:: Given entries ::
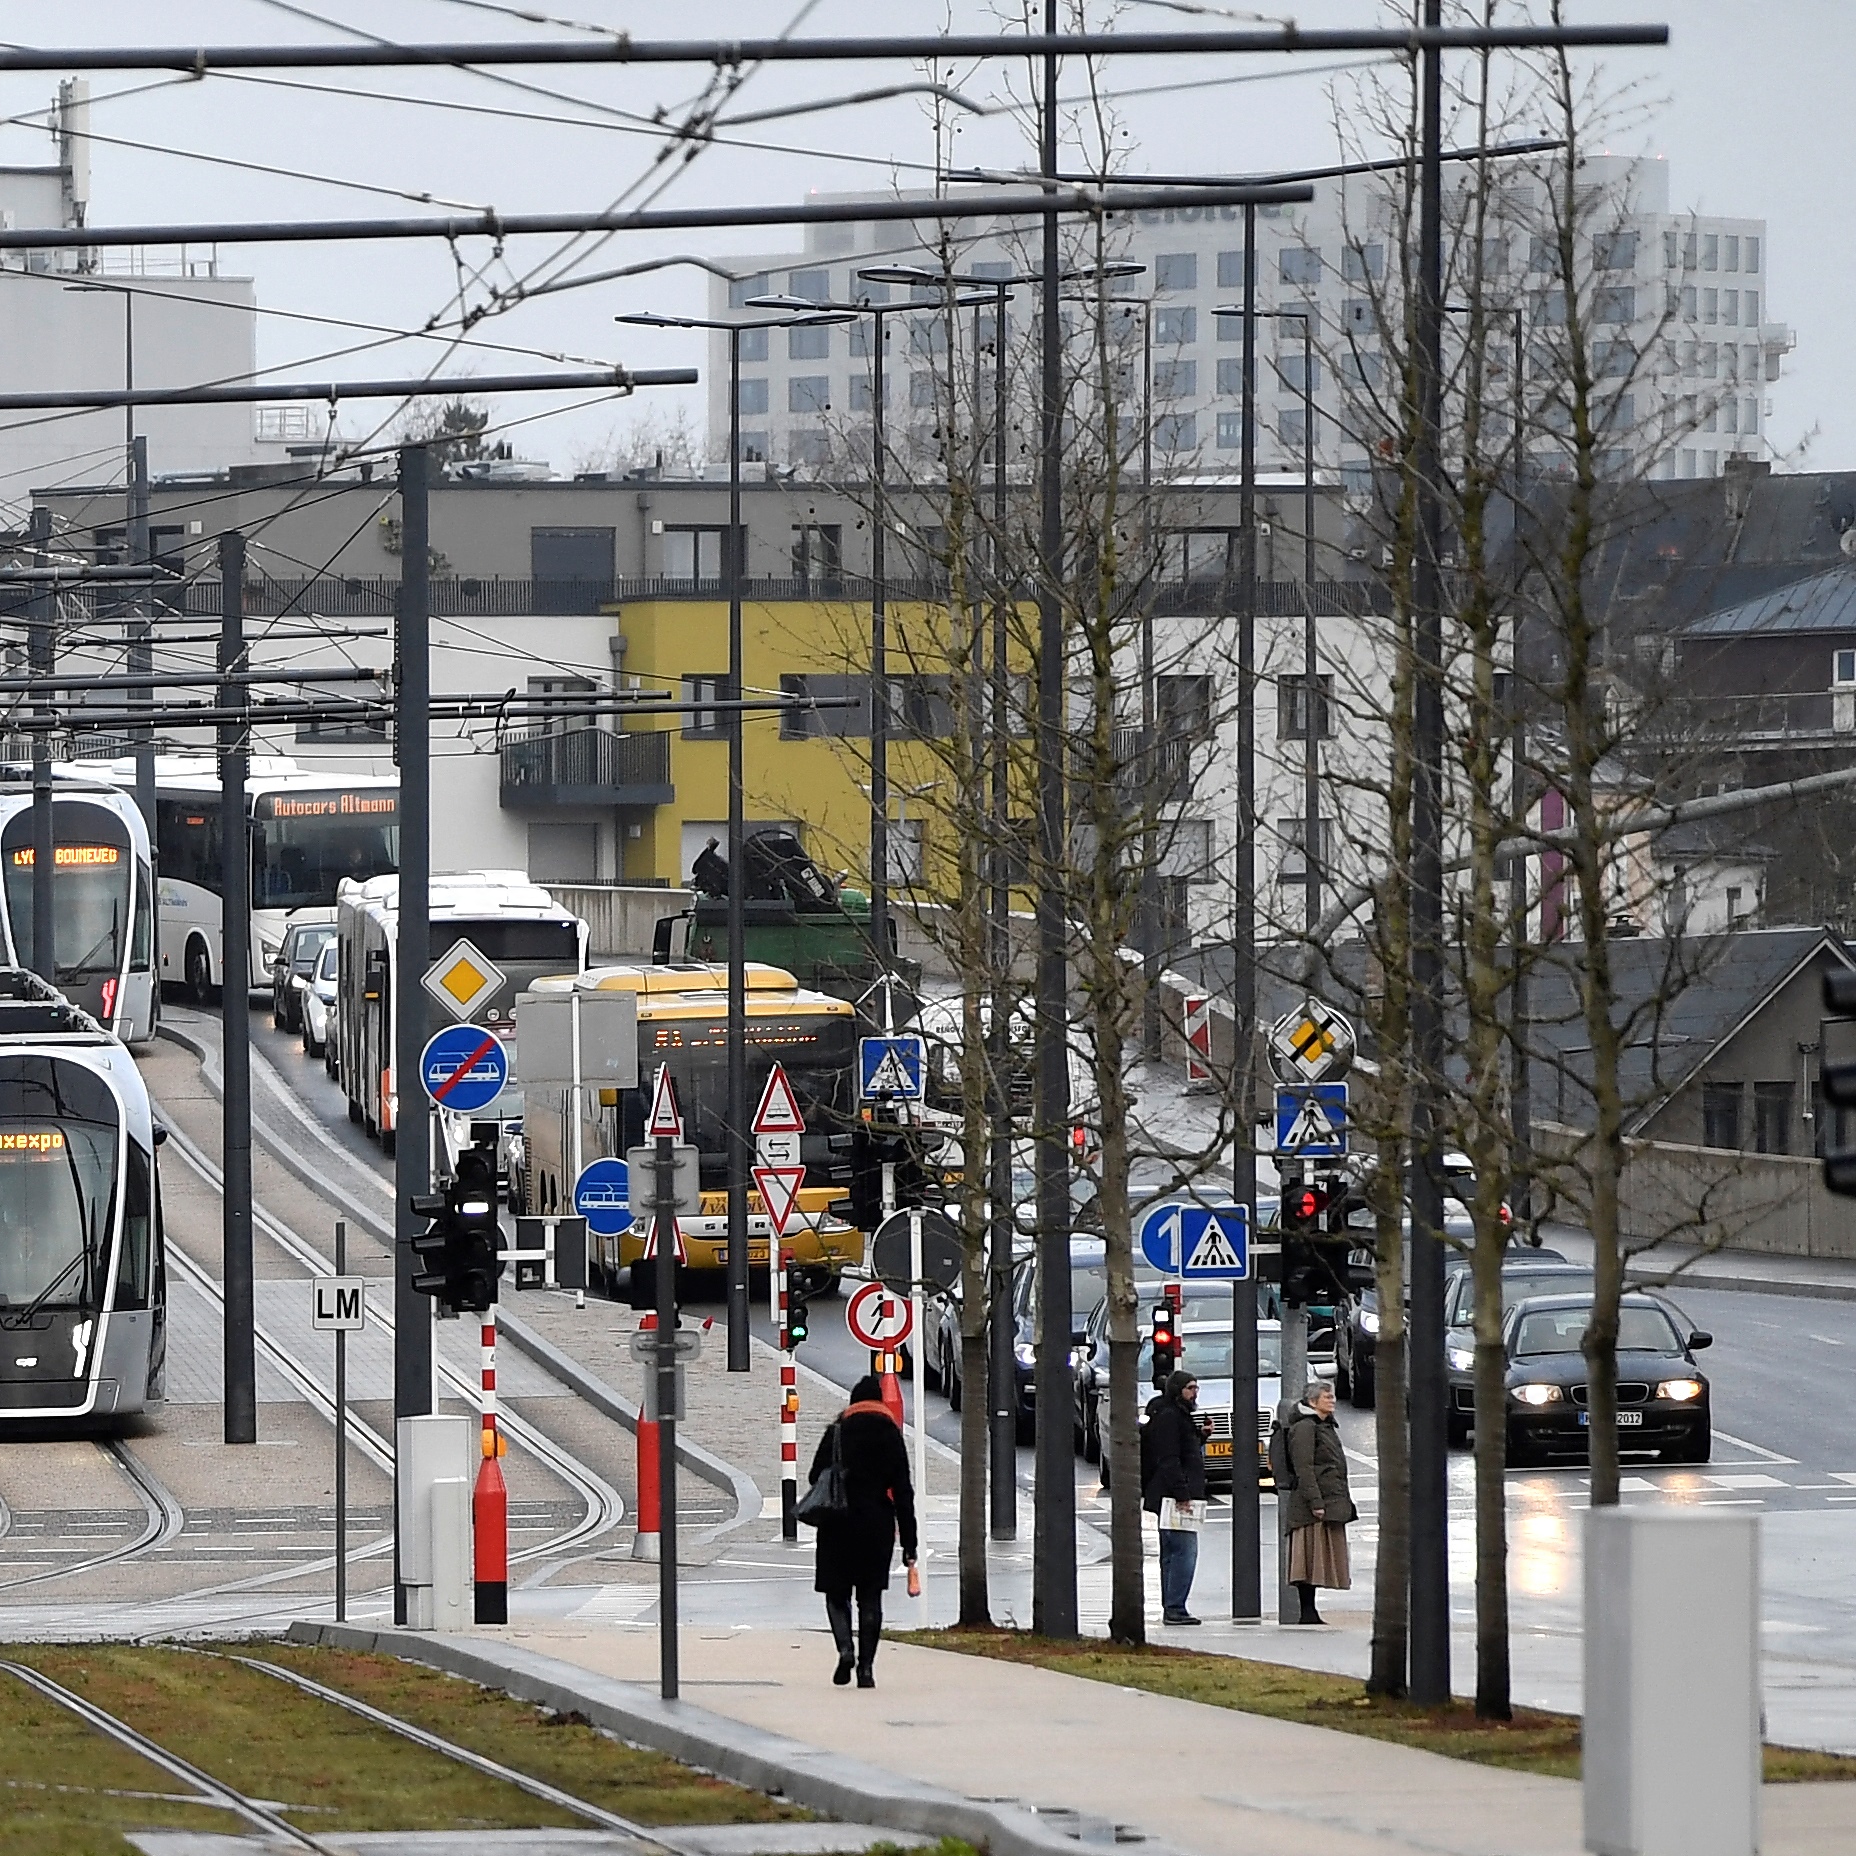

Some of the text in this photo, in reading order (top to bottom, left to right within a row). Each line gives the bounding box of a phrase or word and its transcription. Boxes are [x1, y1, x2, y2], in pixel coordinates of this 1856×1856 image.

[274, 794, 395, 817] Autocars Altmann
[317, 1288, 360, 1319] LM
[1617, 1413, 1640, 1424] 2012
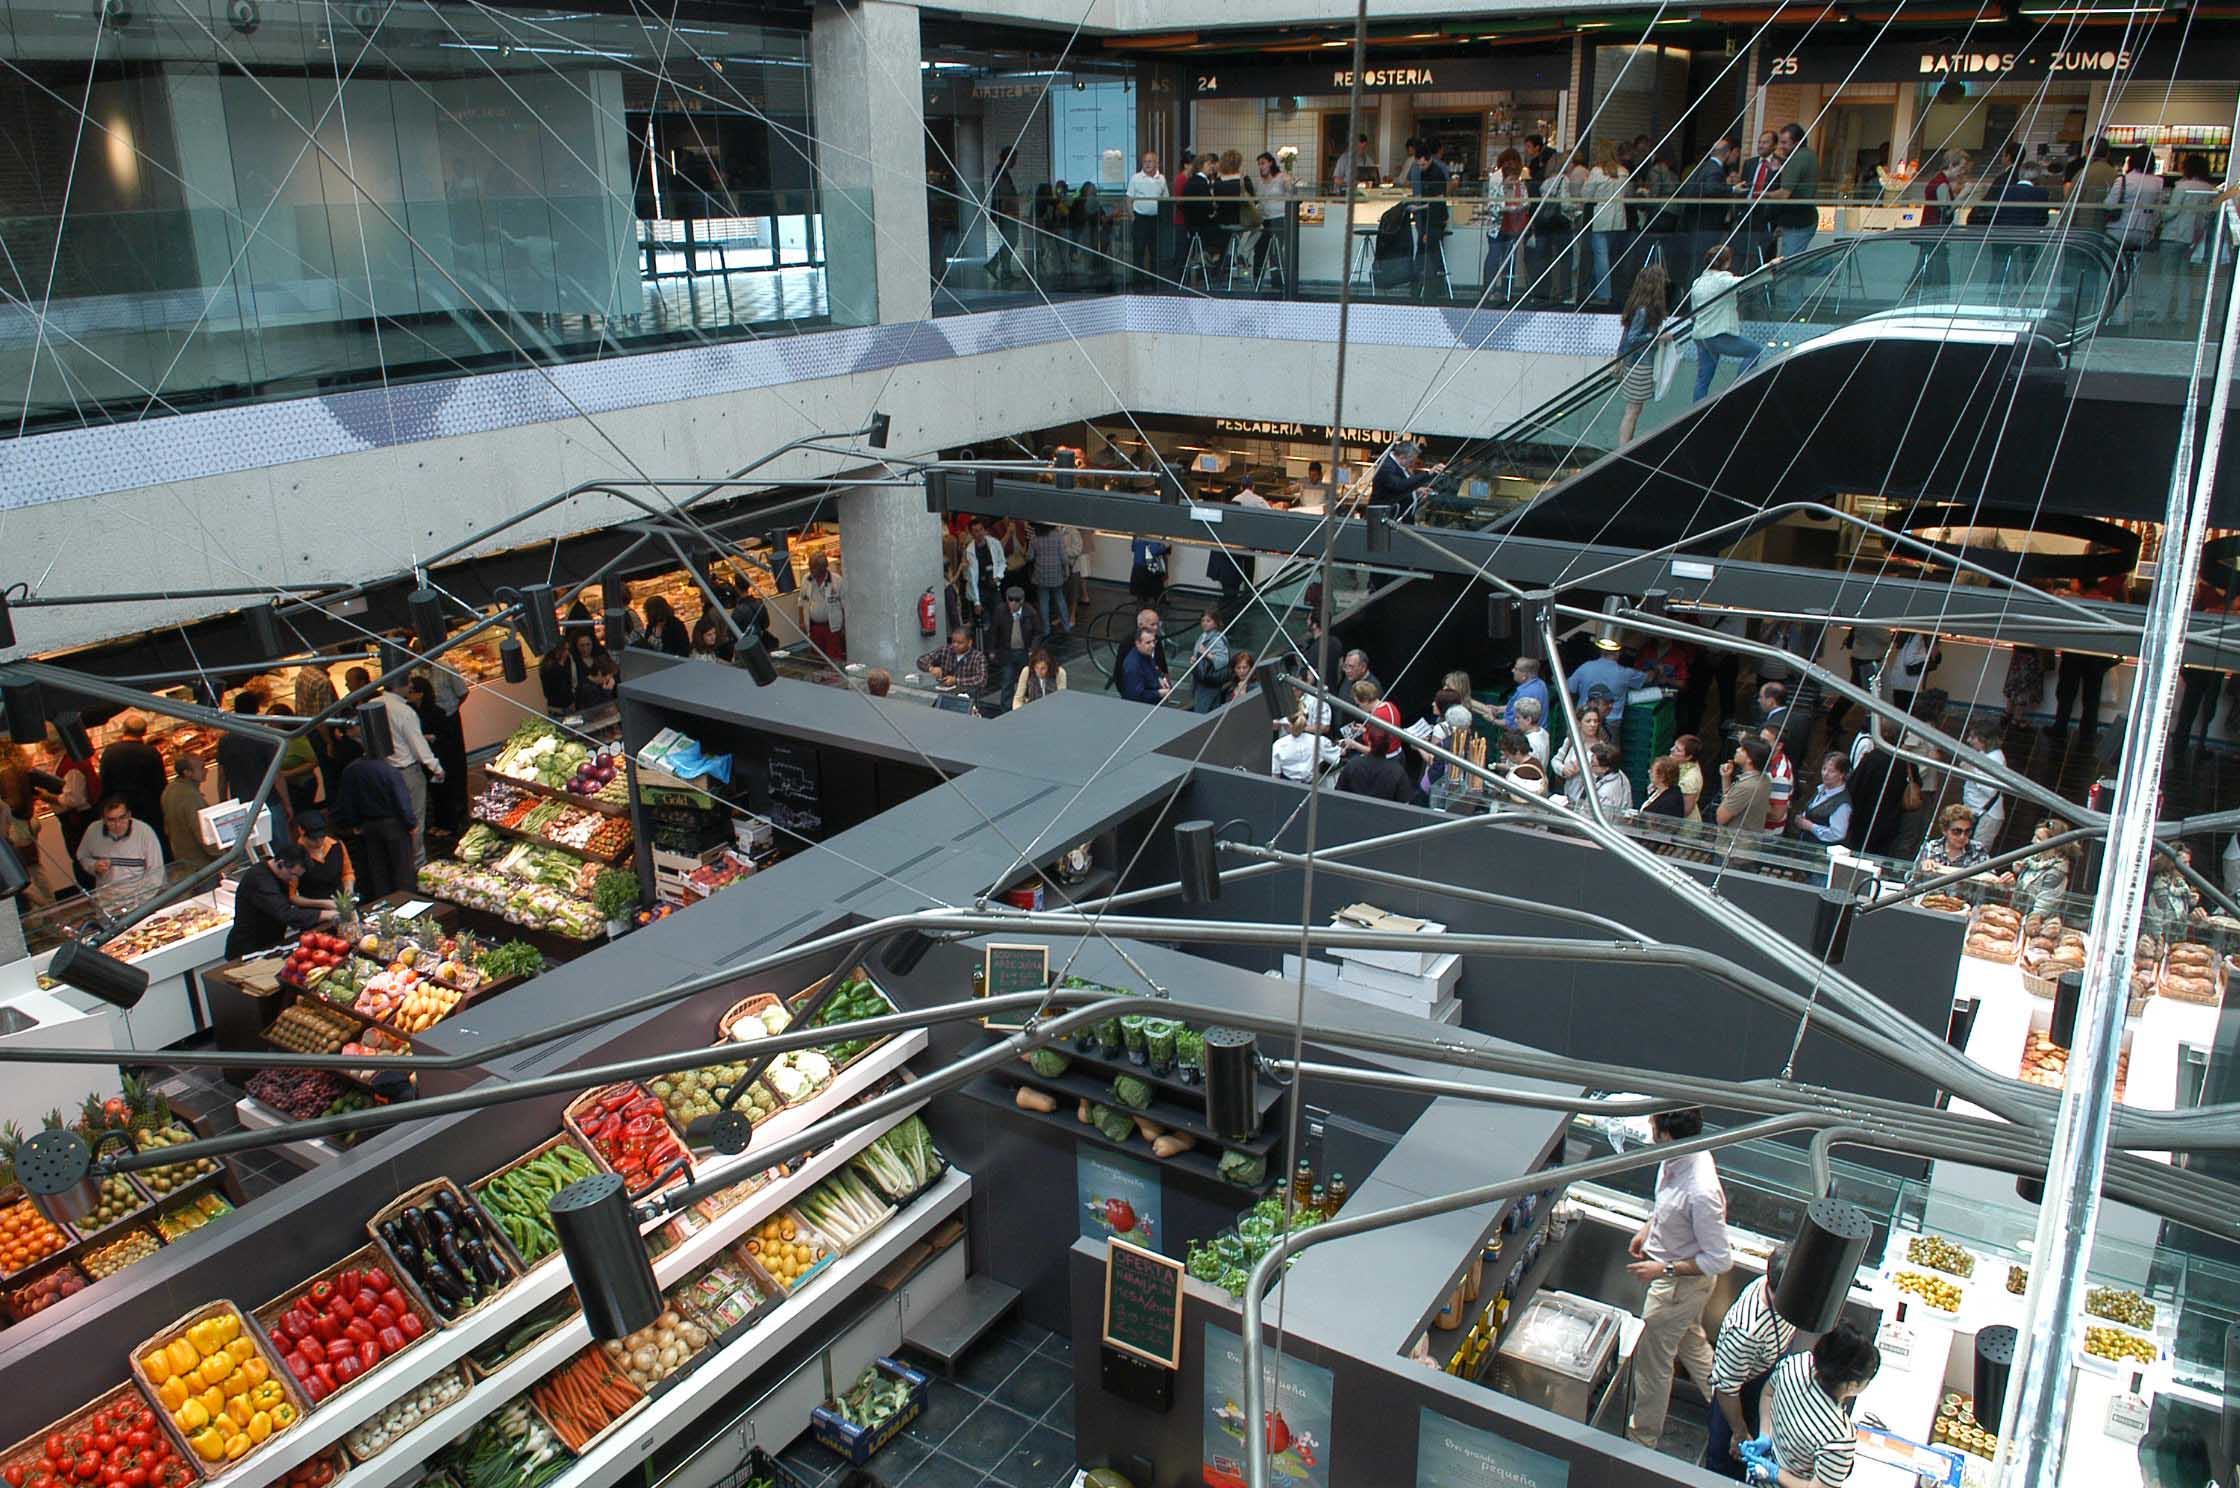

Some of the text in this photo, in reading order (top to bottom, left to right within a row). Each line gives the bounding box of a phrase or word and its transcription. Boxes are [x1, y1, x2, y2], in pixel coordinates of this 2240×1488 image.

:: Instructions to follow ::
Please copy the lines above exactly as written, apart from any pictures.

:: Output of the exercise ::
Some of the text in this photo, in reading order (top to bottom, left to right within a row). Each line gives the bounding box of a phrase or word and its transcription. Boxes are [x1, y1, x2, y2], in pixel coordinates of this 1856×1856 image.

[274, 794, 395, 817] Autocars Altmann
[317, 1288, 360, 1319] LM
[1617, 1413, 1640, 1424] 2012

Some of the text in this photo, in reading order (top to bottom, left to right within a row). Each line gives the bounding box of a phrase or word and its transcription. Boxes are [x1, y1, x2, y2], in pixel coordinates of this 2240×1488 image.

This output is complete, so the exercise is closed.